長享3年(1489年)、将軍義尚は六角氏とのゲリラ戦で長期滞陣となっていた鈎の陣の最中に病死。そのため、応仁の乱の直後に美濃国へ逃れていた足利義視・嫡子の義材が上洛した。そして、翌延徳2年(1490年)には元将軍の義政も死去したことで幕府将軍の座が空位になると、日野富子と畠山政長の後押しによって10代将軍・足利義材が誕生することになる。

しかし、管領の細川政元は将軍として堀越公方の足利政知の子・清晃(せいこう、=のちの足利義澄)を推しており、この決定には反対していた。日野富子の推しで新将軍に就いた義材であったが、すぐにその日野富子と関係が悪化してしまう。さらに不幸なことに、同年に義材の実母が、翌延徳3年(1491年)には父の足利義視が立て続けに死去してしまった。

こうした中、同年義材は足利義尚の遺志を継ぎ、彼がなしえなかった六角高頼の討伐に動きだした。六角高頼はまたもや甲賀へ逃げ込んでゲリラ戦に誘いこんだが、最後は領地を捨てて甲賀山中に逃亡している。

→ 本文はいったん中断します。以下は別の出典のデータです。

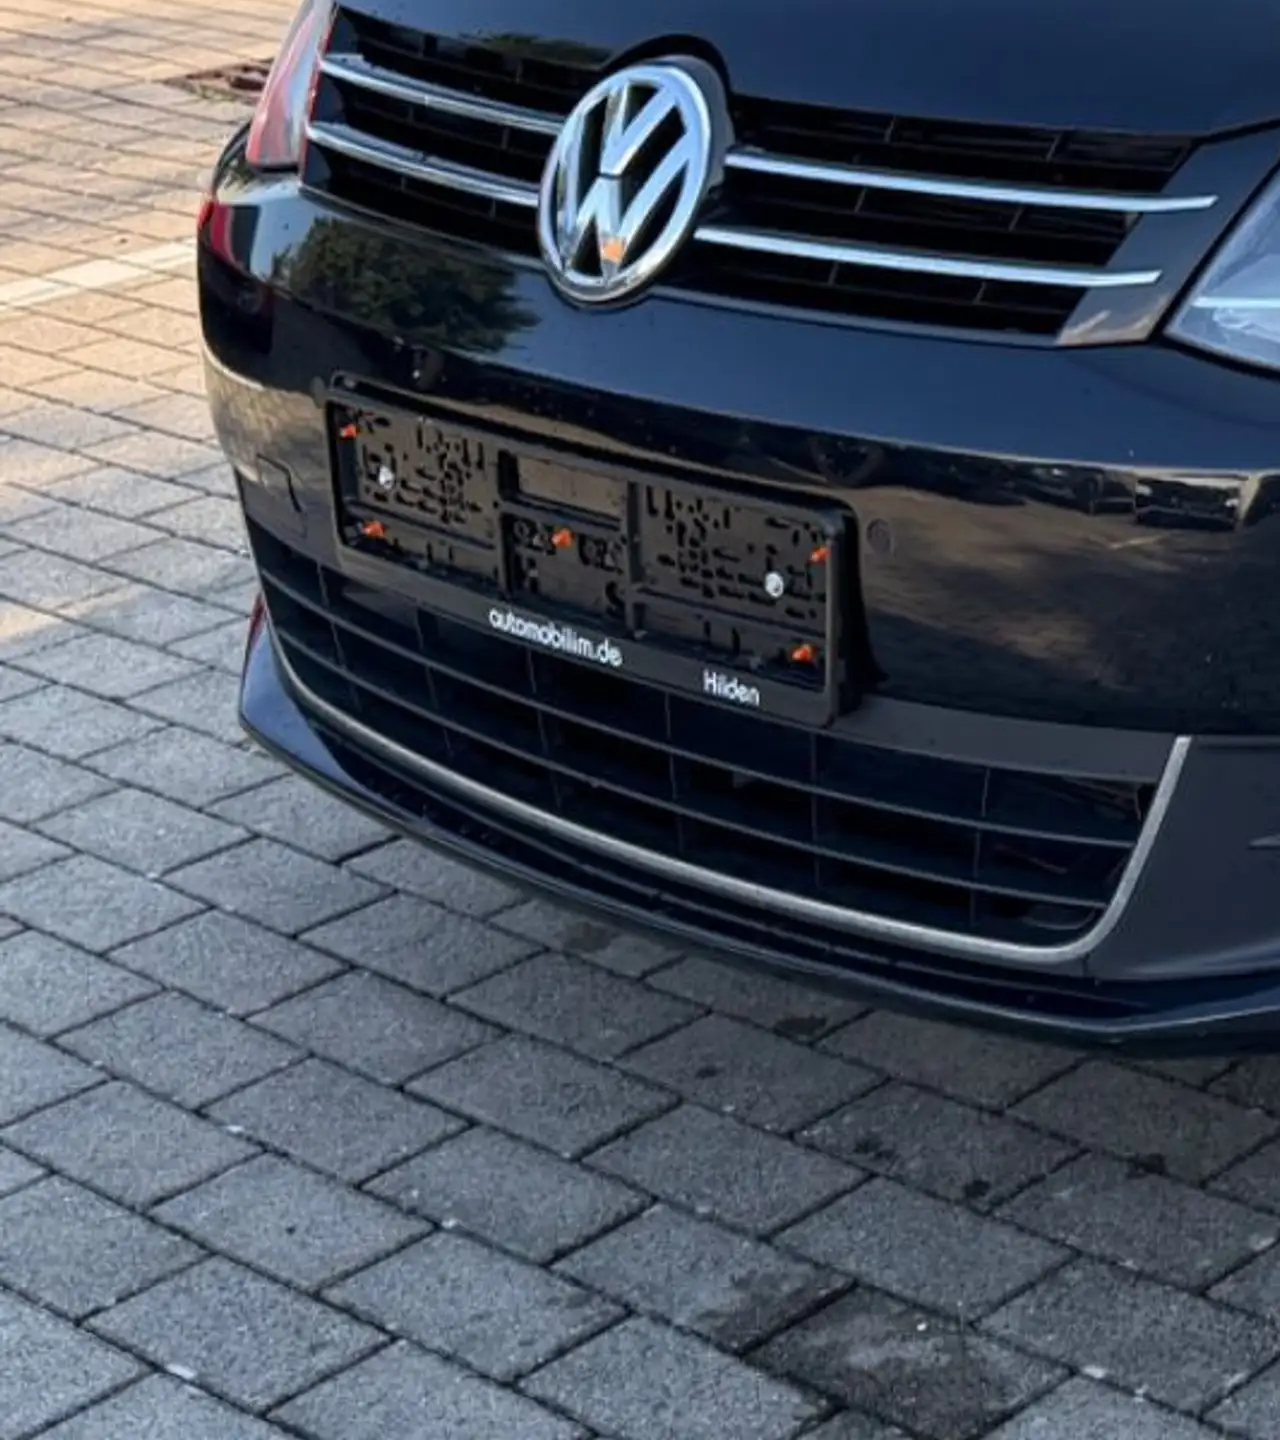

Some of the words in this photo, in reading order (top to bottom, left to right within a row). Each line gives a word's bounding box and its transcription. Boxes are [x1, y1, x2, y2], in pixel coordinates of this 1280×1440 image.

[541, 65, 711, 302] VW
[489, 609, 622, 667] automobilim.de
[703, 669, 760, 706] Hilden
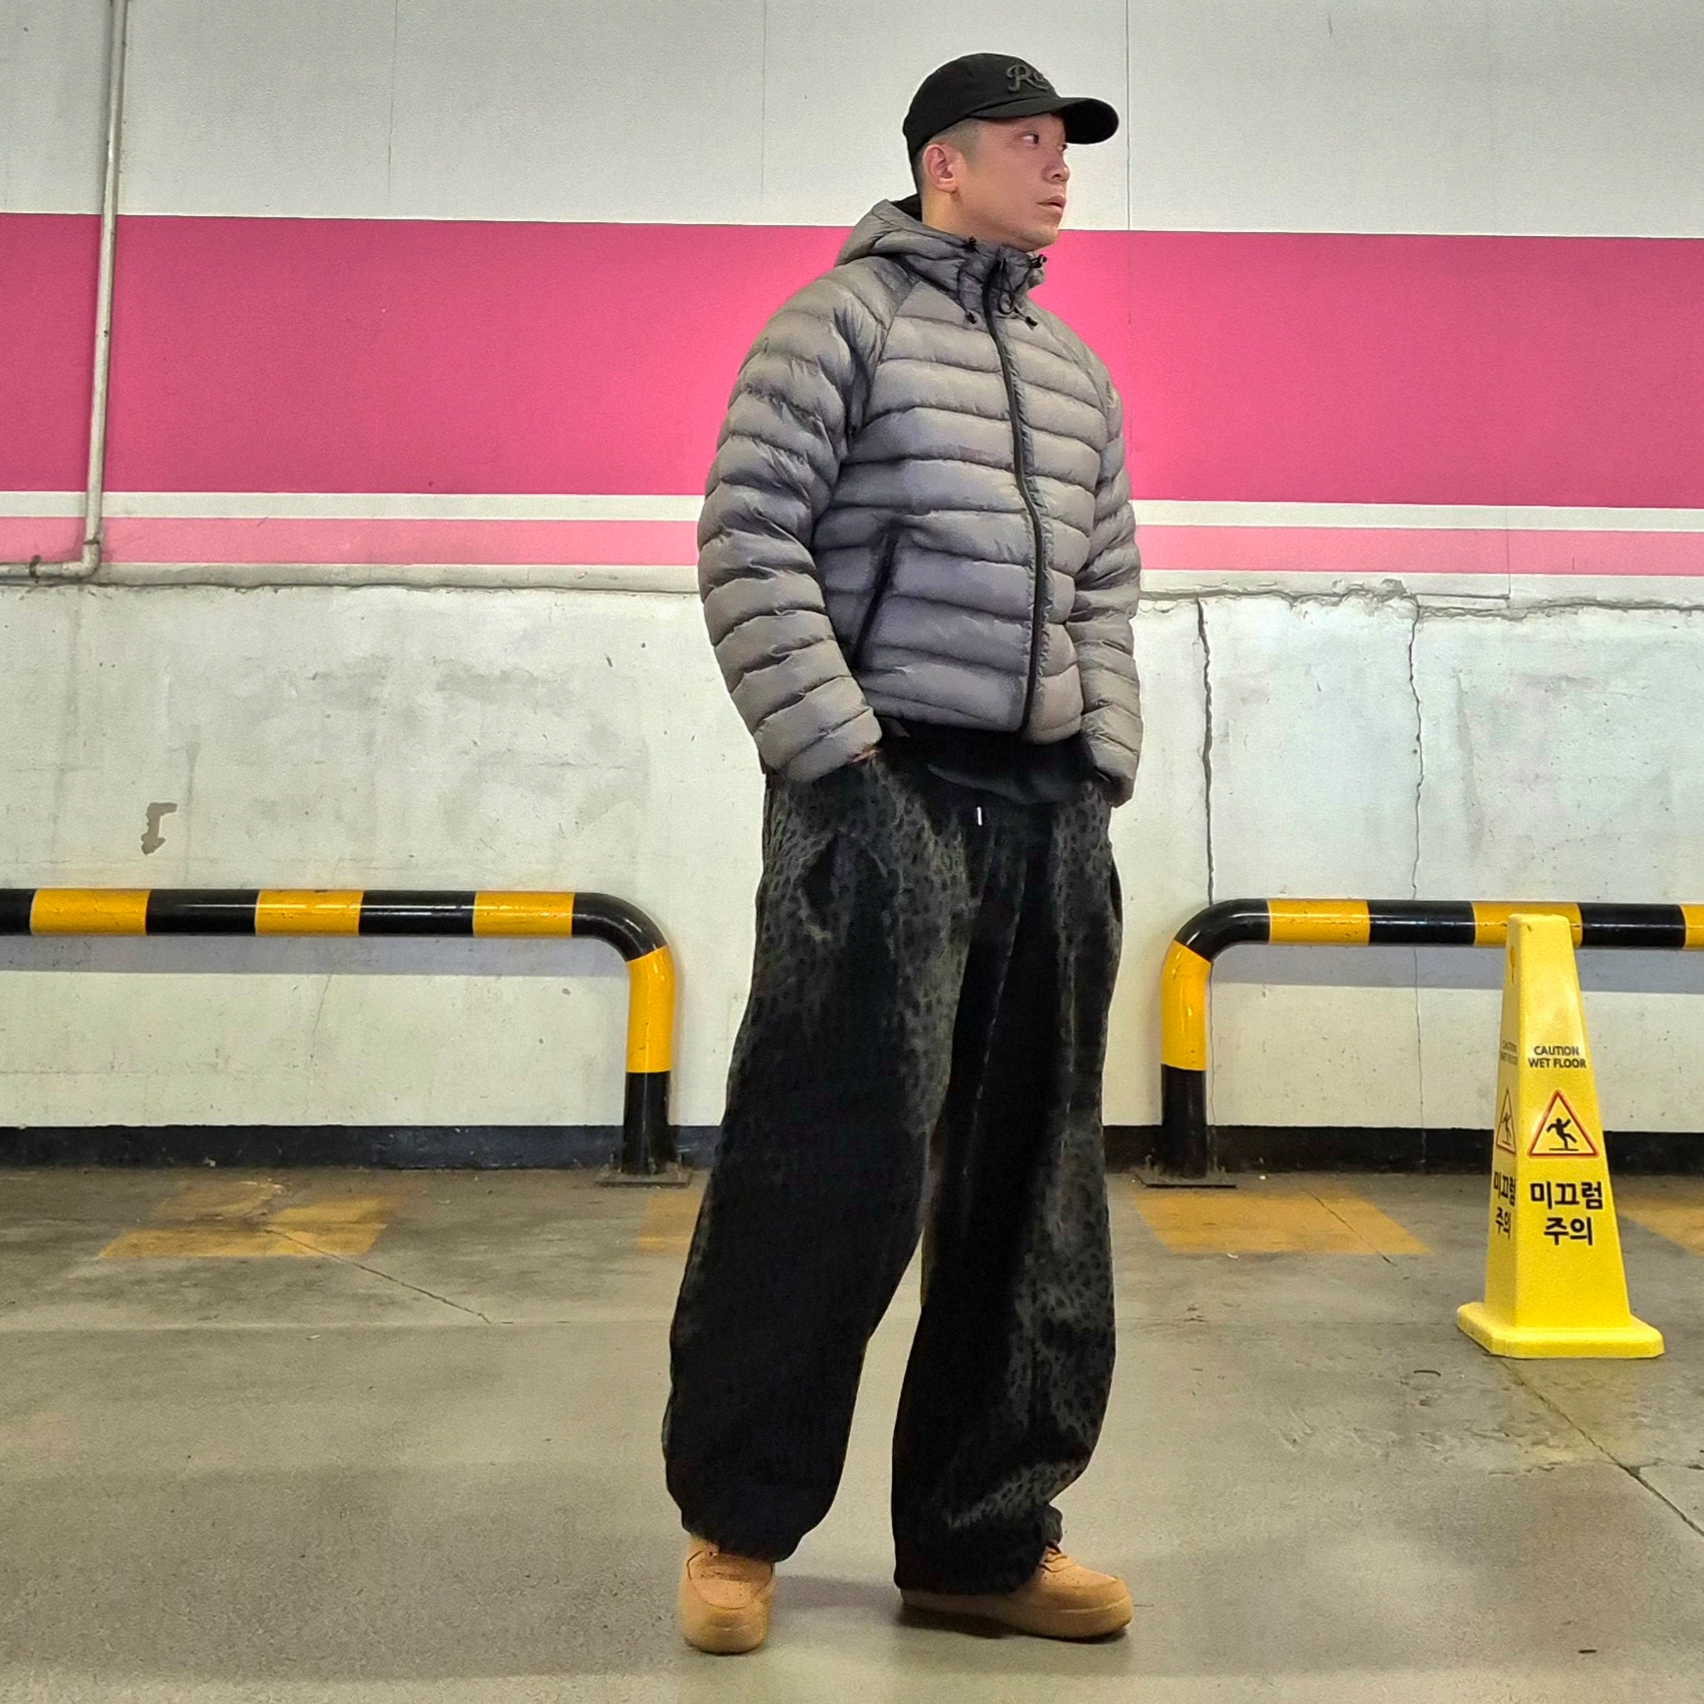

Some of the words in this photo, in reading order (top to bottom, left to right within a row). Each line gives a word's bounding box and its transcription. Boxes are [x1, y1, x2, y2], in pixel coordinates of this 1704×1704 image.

明応2年(1493年)、畠山政長が畠山基家(畠山義就の子)の討伐を要請。これにも細川政元は反対するが、義材は討伐軍をだしてしまう。このことで義材と政元の対立が深刻化、細川政元は、義材に不満を抱き始めた日野富子や赤松政則、伊勢貞宗を抱き込み、4月22日夜に清晃を還俗させて11代将軍に擁立。クーデターを決行するのである。

日野富子の指揮のもとで政元が京都を制圧すると、さらに新将軍に従う旨の「謀書」が送られ、義材に同行する武士の大半が京都に帰還。こうして義材は幽閉され、畠山政長は自害に追い込まれてしまった。
その後、義材は側近らの手引きで脱走に成功し、畠山政長の領国であった越中に逃亡する。そして、政長の家臣であった神保長誠を頼って、以後5年間滞在することになる。

このクーデターが明応の政変であり、以後は細川政元が幕政を掌握して、傀儡化した将軍権力は幕府公権の二分化により弱体化し、二流に分かれた将軍家を擁した抗争が各地で続いていくことになる。